Given entries
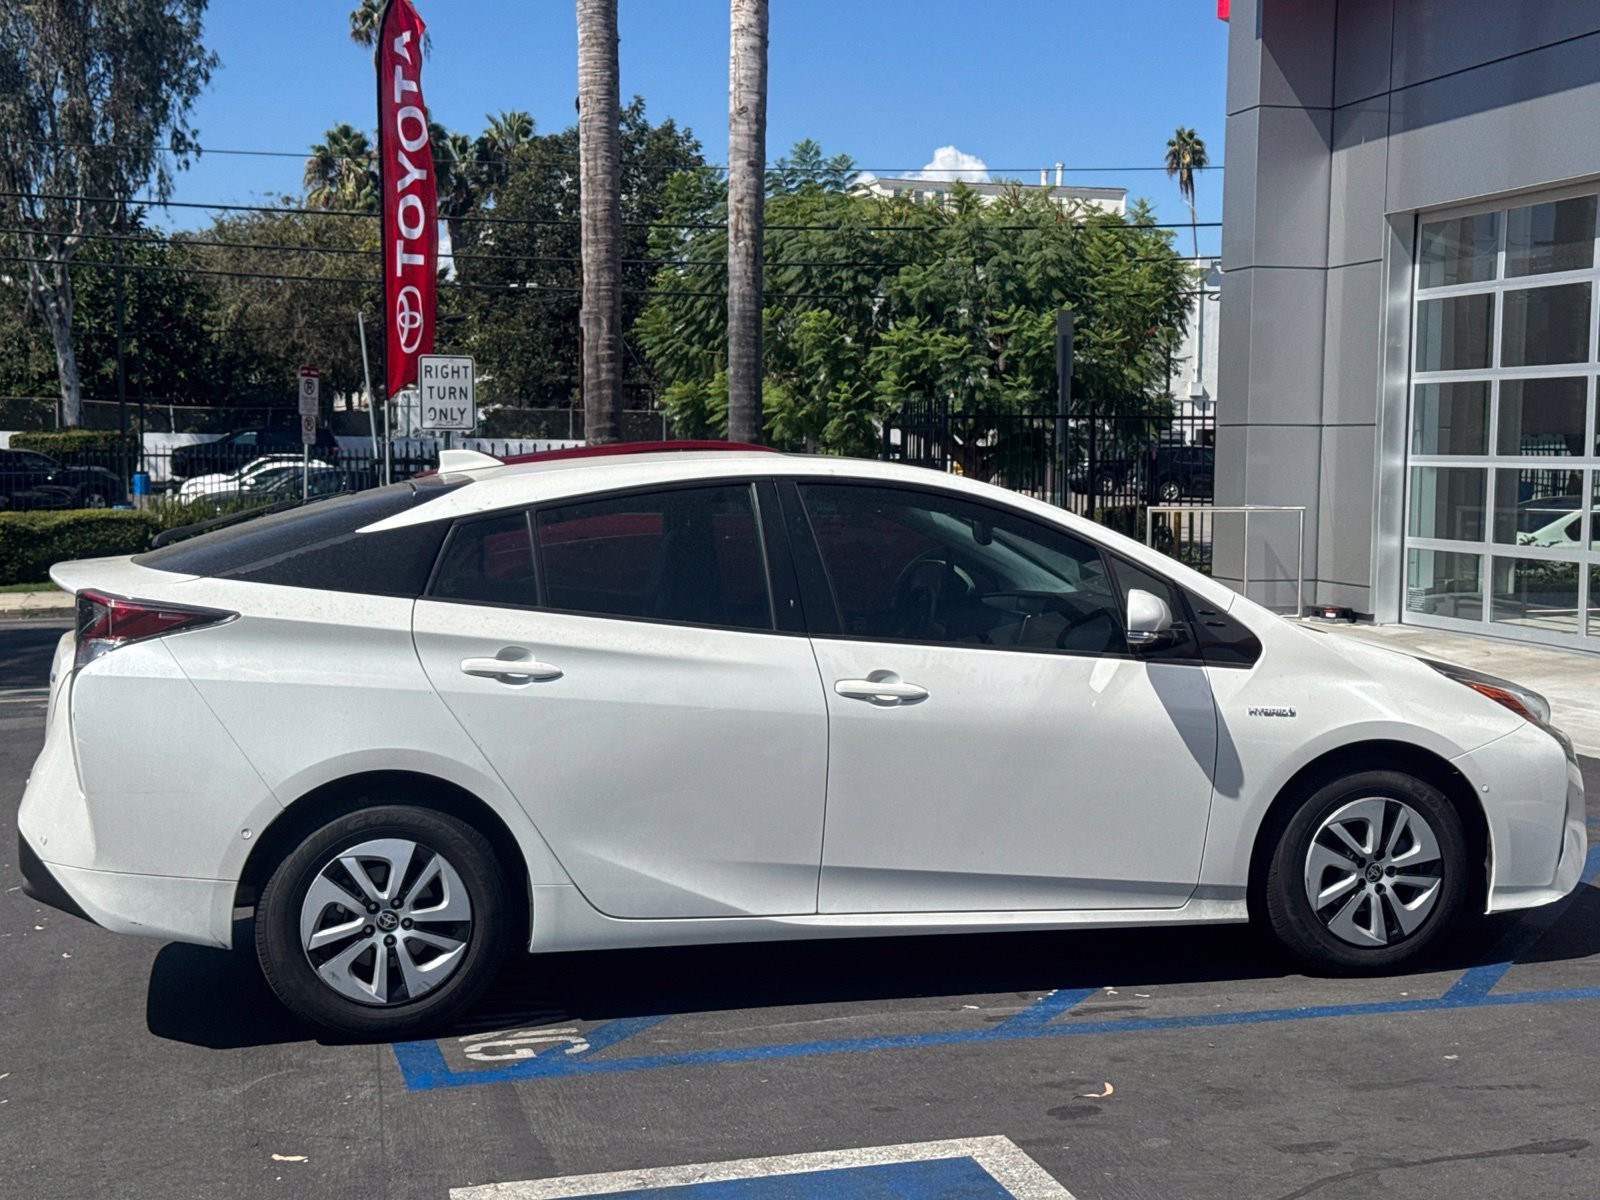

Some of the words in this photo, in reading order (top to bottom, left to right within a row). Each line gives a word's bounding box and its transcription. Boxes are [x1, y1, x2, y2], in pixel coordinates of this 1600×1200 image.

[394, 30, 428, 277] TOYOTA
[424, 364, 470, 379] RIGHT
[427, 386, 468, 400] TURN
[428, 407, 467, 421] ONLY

What to produce
Reproduce every line of the data above, exactly as it stands, but not the pictures.

Result
Some of the words in this photo, in reading order (top to bottom, left to right within a row). Each line gives a word's bounding box and its transcription. Boxes are [x1, y1, x2, y2], in pixel coordinates of this 1600×1200 image.

[394, 30, 428, 277] TOYOTA
[424, 364, 470, 379] RIGHT
[427, 386, 468, 400] TURN
[428, 407, 467, 421] ONLY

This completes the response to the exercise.